*ACTIVITY*. Exact copy, no pictures: reproduce every record below as it stands.

(Collected data)
· · ·
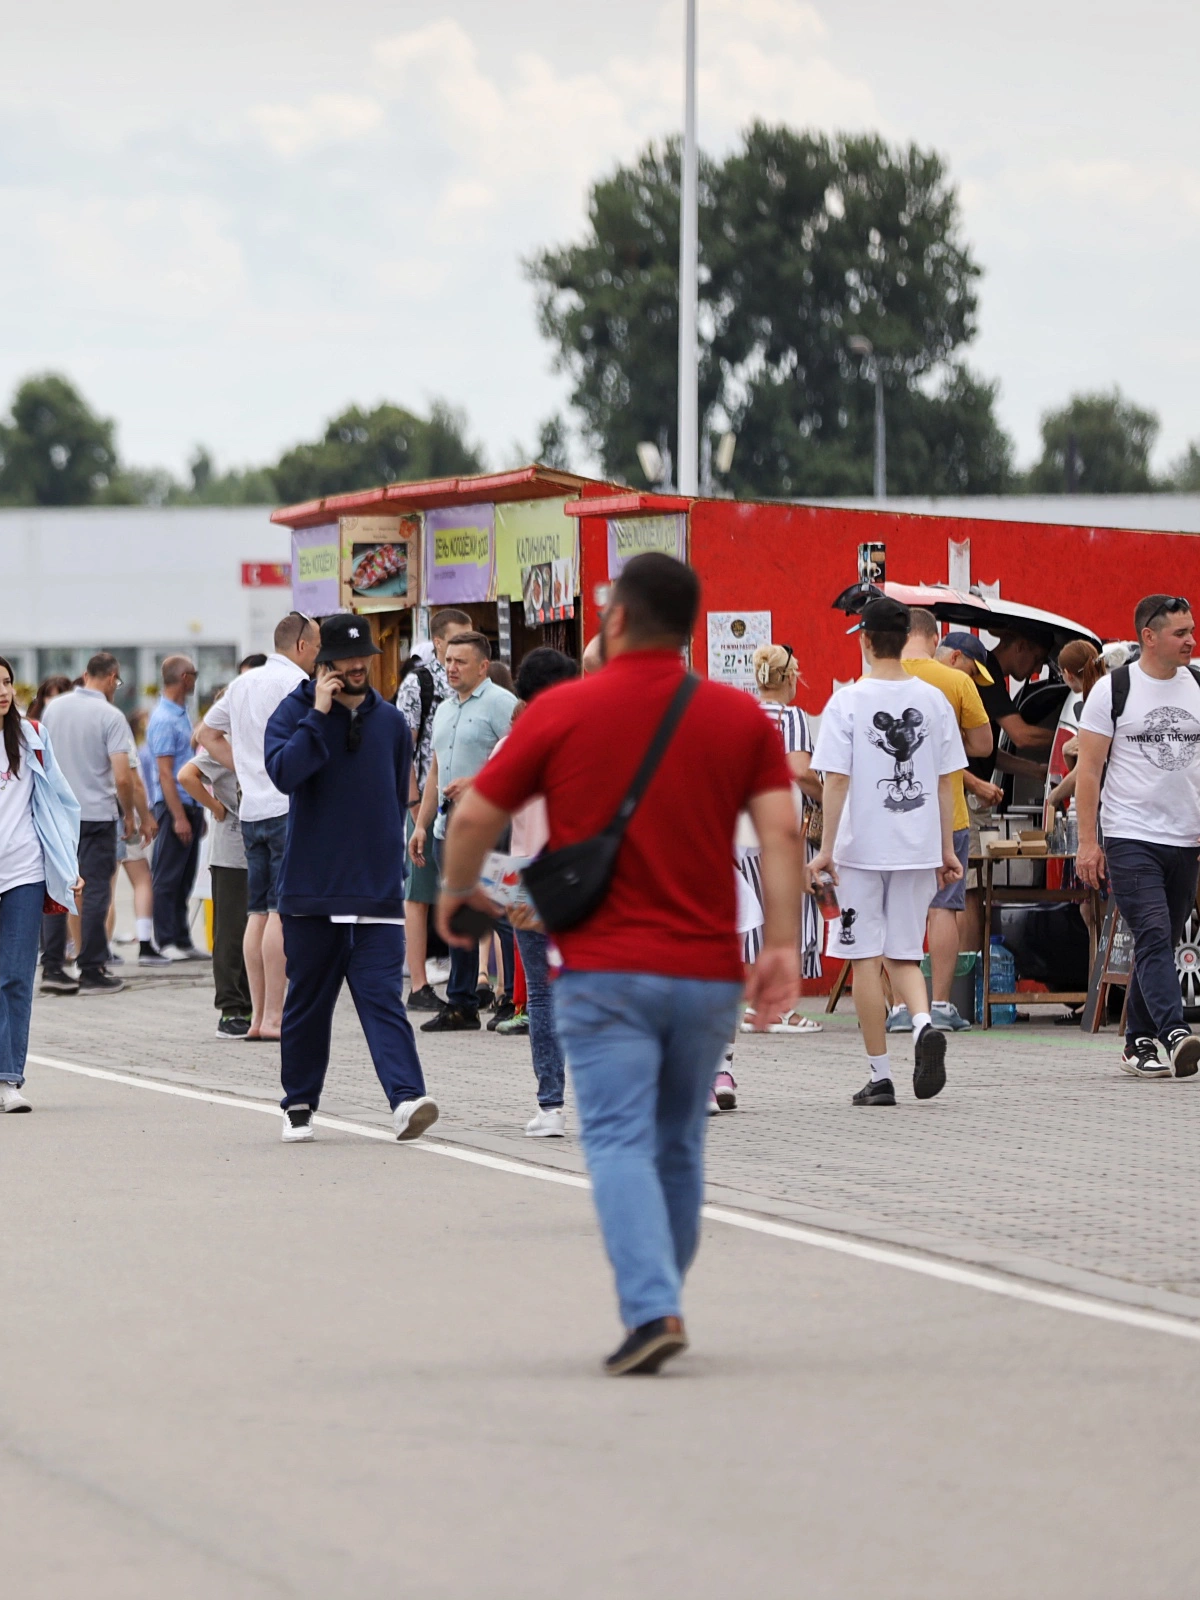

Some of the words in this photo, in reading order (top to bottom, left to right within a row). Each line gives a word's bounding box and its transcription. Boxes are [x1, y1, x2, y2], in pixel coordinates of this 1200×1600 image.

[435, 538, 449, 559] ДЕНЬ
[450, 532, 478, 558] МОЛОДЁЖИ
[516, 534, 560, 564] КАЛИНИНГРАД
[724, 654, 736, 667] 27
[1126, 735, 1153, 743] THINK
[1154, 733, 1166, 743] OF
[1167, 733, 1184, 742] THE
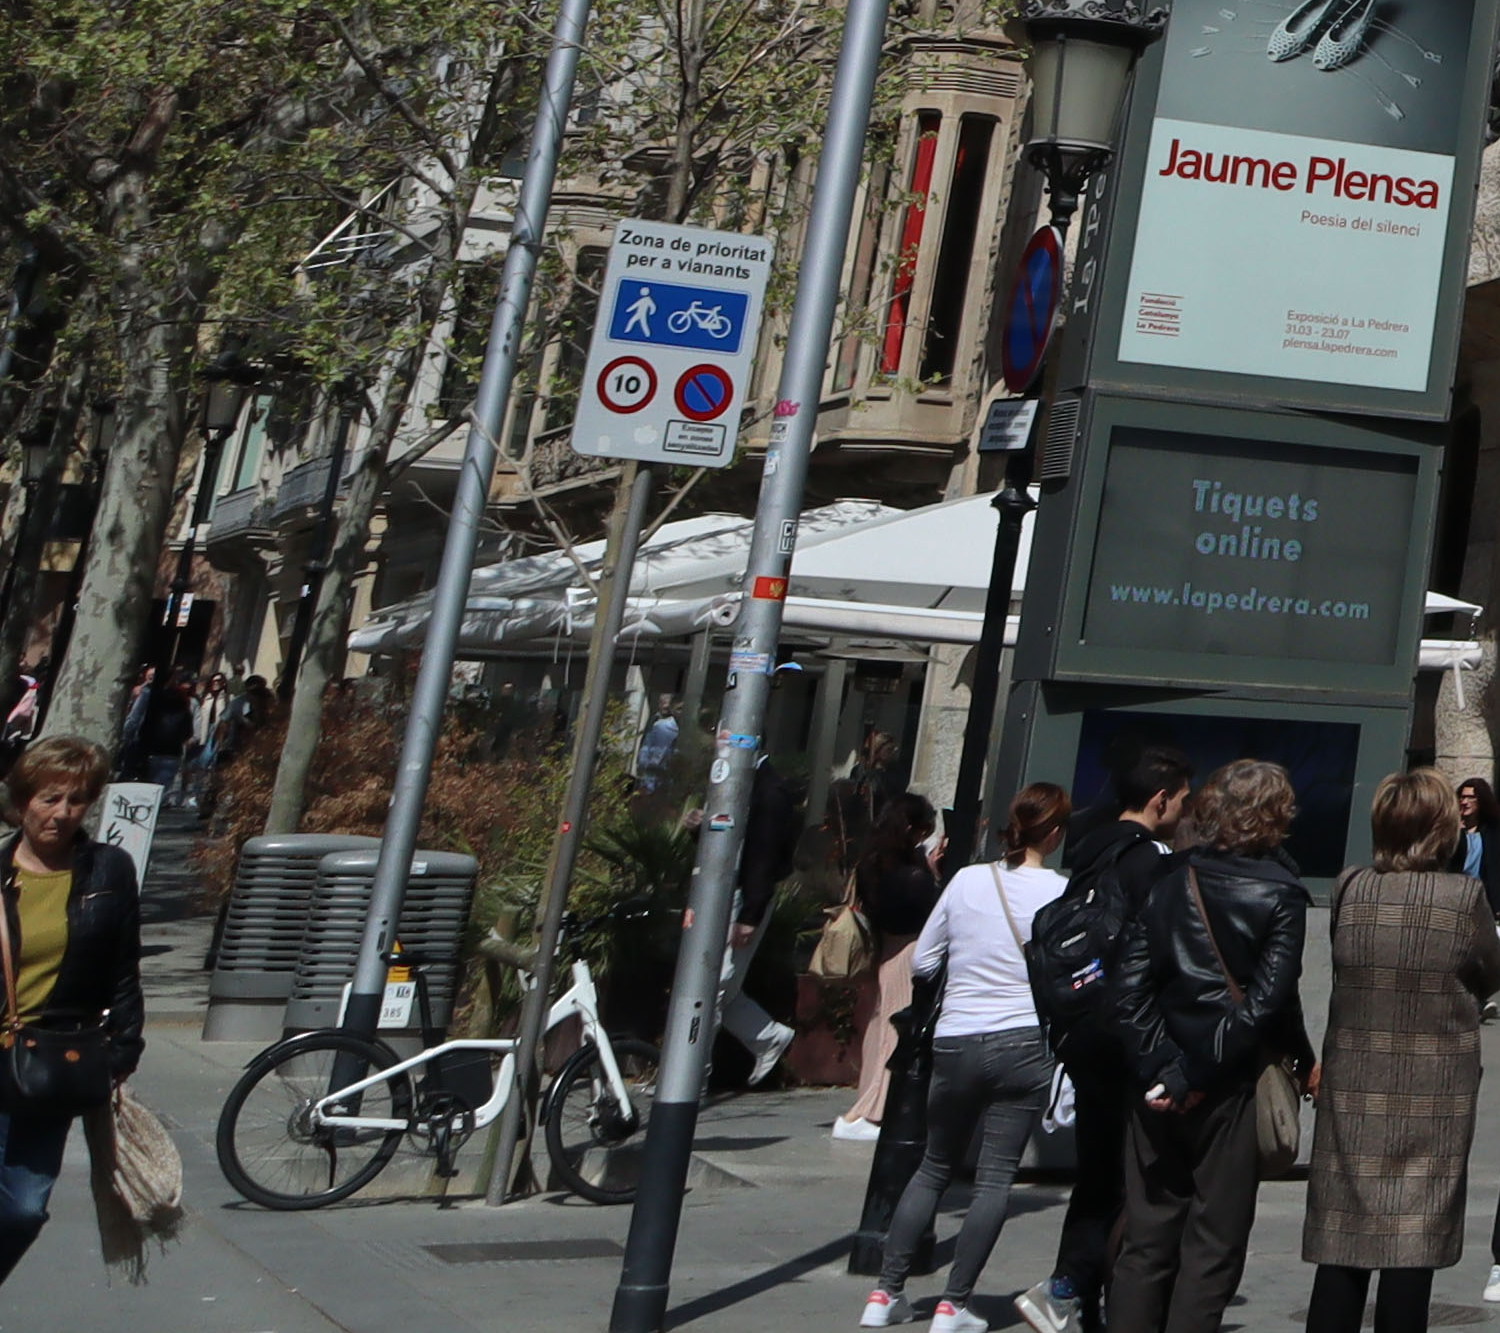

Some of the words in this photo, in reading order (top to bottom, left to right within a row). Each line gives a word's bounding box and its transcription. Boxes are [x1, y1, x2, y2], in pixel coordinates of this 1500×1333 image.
· · ·
*OUTPUT*.
Some of the words in this photo, in reading order (top to bottom, left to right within a row). Each line gives a word's bounding box and its transcription. Boxes are [x1, y1, x2, y2], in pixel coordinates of this 1200×1600 image.

[435, 538, 449, 559] ДЕНЬ
[450, 532, 478, 558] МОЛОДЁЖИ
[516, 534, 560, 564] КАЛИНИНГРАД
[724, 654, 736, 667] 27
[1126, 735, 1153, 743] THINK
[1154, 733, 1166, 743] OF
[1167, 733, 1184, 742] THE

Some of the words in this photo, in reading order (top to bottom, left to right within a row). Each line gives a word's bounding box and its transcription. Boxes are [x1, y1, x2, y2], in pixel coordinates of this 1500×1333 image.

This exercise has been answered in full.